I think the report summed up nicely where I stand on the future of the regional press.

In my home city, mainstream media has for years virtually ignored life south of the river, save for what’s sent through by PR companies (very little) and the council press office and what crops up in police calls and court copy.

Long gone are the reporters who would pound their patches and have tea with the local vicar to try fill their news pages.

There’s a whole raft of rich community life which goes upreported  in this struggling area, which includes some of the highest pockets of deprivation in the country. There are community projects in abundance, residents campaigning on all kinds of local issues, an incredible community spirit and tonnes of local residents’ associations and groups.

But the evening paper isn’t interested (so-called parochial stuff doesn’t sell newspapers apparently), the free weekly has lost all its staff and now features lifts from the daily, the BBC coverage isn’t local enough and ITV’s just laughable. And on it goes…

So where are the residents in that area supposed to get their local news from? To find out where their jumble sales are? To find out what’s been said at their local community forum? To find out about the services and groups that are there to support them and empower them? To know what other residents are up to? Which media will now fill the role of the old-fashioned ‘glue that binds the community together’ role?

All this stuff might not sell you thousands of papers, but I’d argue it’s vitally important to local life, both on a social and democratic level.

People deserve and need a platform to have their say on community issues.

Media commentator and lecturer Roy Greenslade said in Press Gazette recently: “Two assumptions need to be made: that journalism is good for society and democracy, and that newspapers are worth preserving.

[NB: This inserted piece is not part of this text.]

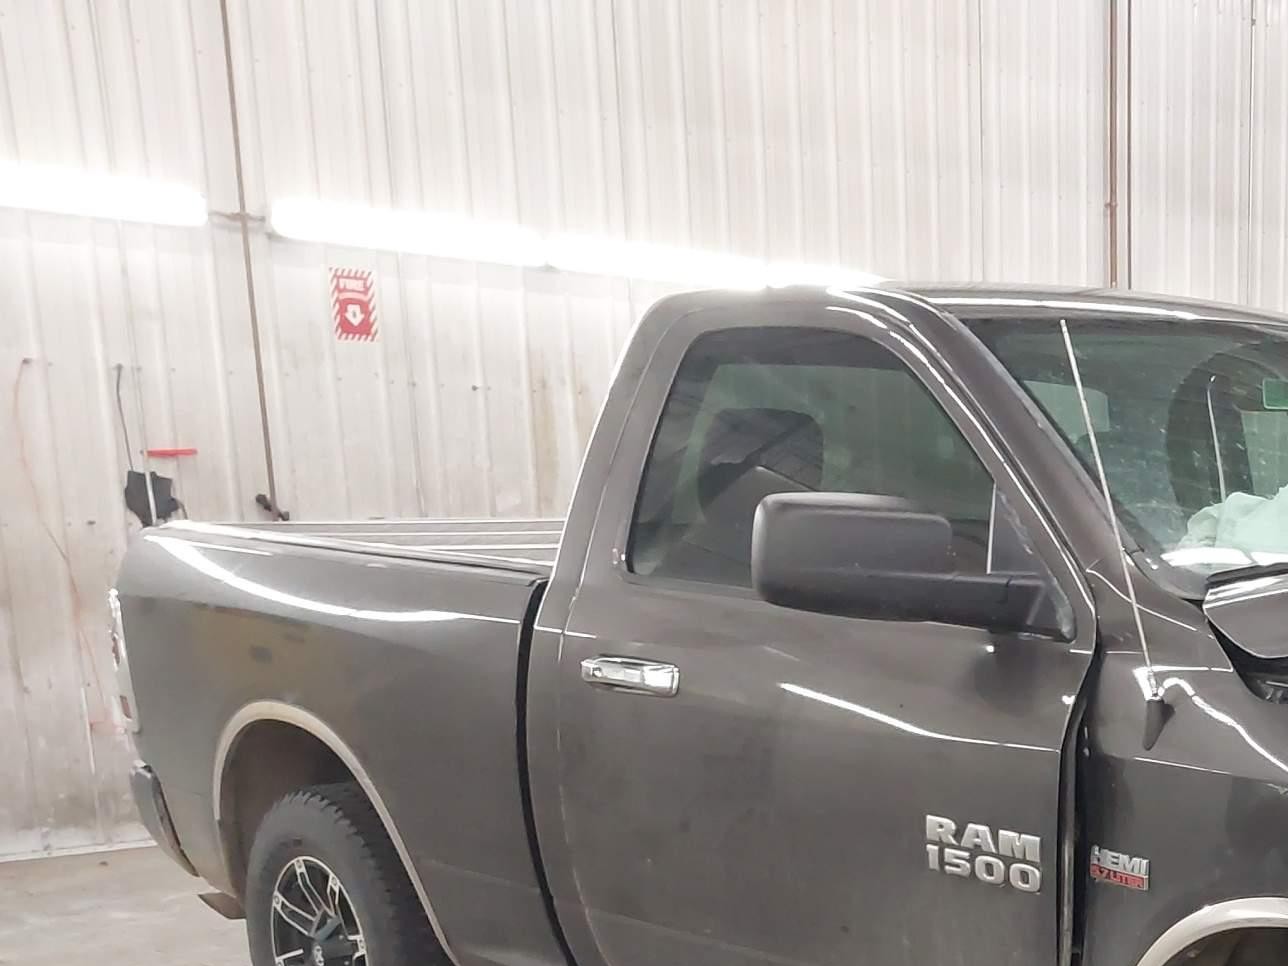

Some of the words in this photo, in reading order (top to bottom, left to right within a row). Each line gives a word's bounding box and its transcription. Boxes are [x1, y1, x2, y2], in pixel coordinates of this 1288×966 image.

[926, 814, 1041, 862] RAM
[1091, 845, 1149, 877] HEMI
[926, 844, 1041, 893] 1500

“Not since the seventies have we had a genuine chance to imagine the possibility of a different business model for newspapers, a business model that doesn’t involve making profits.

“Journalists shoudl think locally, think of small start-ups and on the web, think more about grass roots and getting back to basics.”

I don’t often agree with Greenslade, but he’s spot on. A new era of grant-funded (even self-sustaining) community media needs to rise from the ashes of the existing regional press.

I have a vision of a grant-funded community media sector, featuring hyperlocal websites; trained and supported teams of voluntary community reporters who will be blogging, videoing and podcasting; groups and residents clued up on social media; a printed community newspaper for the web excluded; community printing presses for groups’ annual reports etc etc…

All this may be a utopia that’s never happen. After all, money’s scarce in the community sector right now, and will social enterprises ever really be self-sustainable?

I’ll write further on this issue over the coming months.

In the meantime… anyone else out there share my vision?